During pregnancy, oestrogen and progesterone levels are increased. Consequently the initial predominant immune cellular response (Th1 type) is decreased, whereas humoral response (Th2 type) is increased. Due to this switch, a lot of Th2 anti-inflammatory cytokines IL-4 and IL-10 are synthesized. During the last months of pregnancy Treg lymphocytes level is elevated leading to overexpression of IL-4 and IL-10. Due to these mechanisms, reduce disease activity of rheumatoid arthritis (RA) occurred. Impaired fertility has not been demonstrated in women with RA. However, some studies suggest that polyarthritis could induced a reduced weight at birth and more frequent pregnancy and delivery complications.

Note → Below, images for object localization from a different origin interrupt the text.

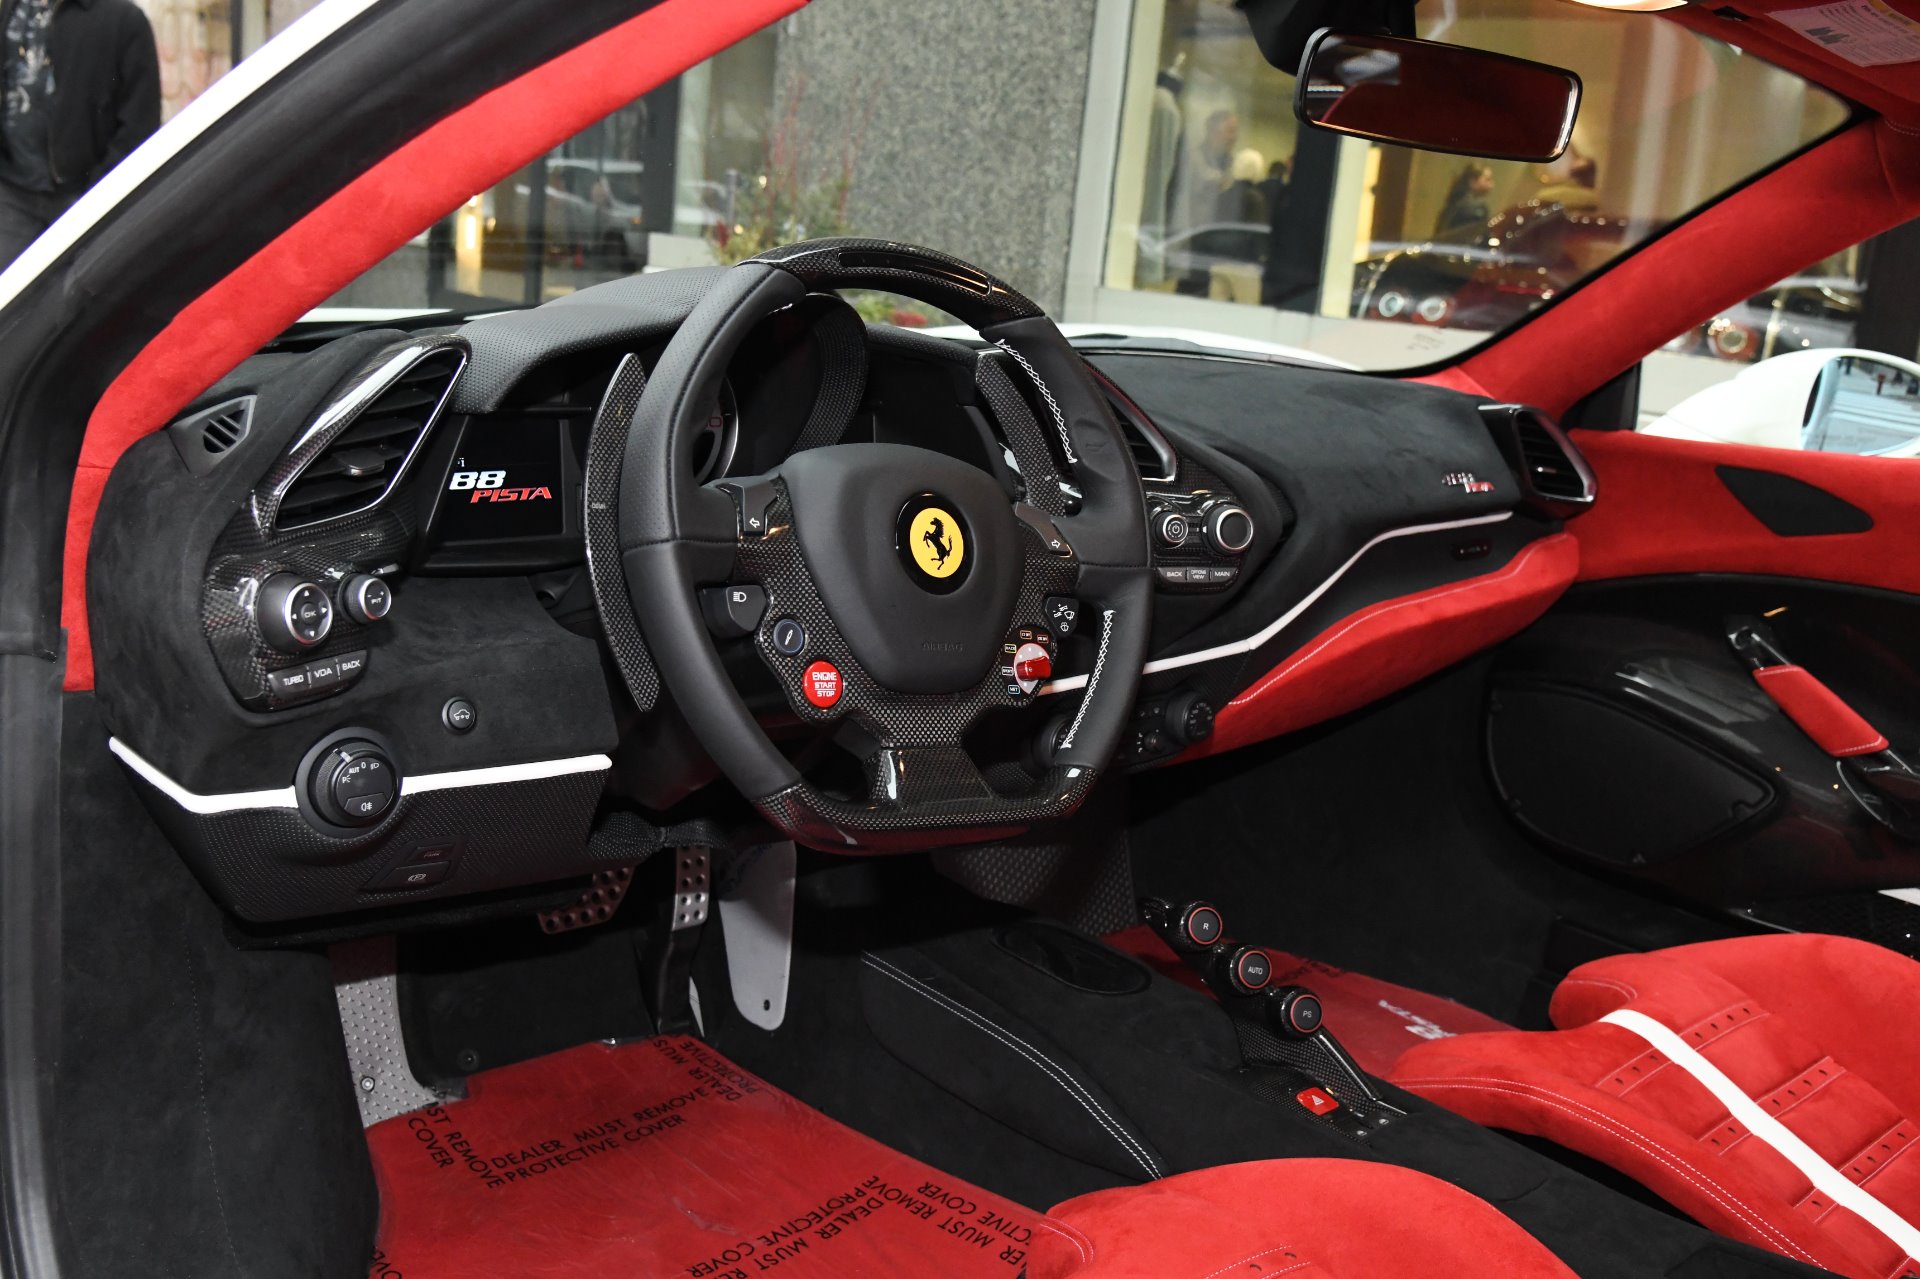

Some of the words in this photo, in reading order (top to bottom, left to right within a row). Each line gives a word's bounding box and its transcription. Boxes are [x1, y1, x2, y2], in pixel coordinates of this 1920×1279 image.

[470, 486, 552, 503] PISTA
[304, 609, 317, 618] OK
[283, 674, 304, 686] TURBO
[314, 667, 332, 678] VDA
[342, 660, 361, 671] BACK
[812, 671, 838, 681] ENGINE
[814, 681, 836, 689] START
[817, 690, 835, 698] STOP
[1203, 922, 1209, 930] R
[1248, 966, 1263, 975] AUTO
[1303, 1010, 1313, 1018] PS
[688, 1067, 742, 1101] DEALER
[408, 1117, 455, 1168] COVER
[491, 1139, 566, 1169] DEALER
[574, 1118, 627, 1143] MUST
[632, 1087, 709, 1122] REMOVE
[444, 1131, 506, 1189] REMOVE
[504, 1137, 620, 1183] PROTECTIVE
[623, 1114, 687, 1142] COVER
[862, 1175, 938, 1220] REMOVE
[917, 1182, 977, 1215] COVER
[757, 1187, 867, 1246] PROTECTIVE
[814, 1197, 884, 1240] DEALER
[938, 1217, 995, 1248] MUST
[686, 1241, 755, 1277] COVER
[754, 1237, 809, 1271] MUST

Methotrexate and biotherapies have demonstrated no effect on fertility; however these drugs must be stopped before conception for a period equal to seven fold of the half live of the molecule. No teratogenic effect are known for sulfazalasine and hydroxychloroquine; these drugs could be used during pregnancy. It is also the same for ciclosporine, which used is quite unfrequent in RA. Methotrexate is teratogenic in animal models and is forbidden during pregnancy. For leflunomide which is metabolised in A771726, highly teratogenic, a washout period of 3,5 months is necessary. All commercially available TNFalpha inhibitors are classified by the food and Drug Administration as pregnancy risk category B: no adverse pregnancy adverse effects have been observed in animal studies, but there have been insufficient controlled human studies. The published experiences with TNFalpha inhibition in pregnancy is limited to some case reports and ongoing registry. More recently some cases of Vater syndromes (polymalformations) were possibly related to TNFalpha blocking agents. Such treatment must be avoided during pregnancy. Only few case reports are published concerning rituximab use during pregnancy. No data have been found for abatacept.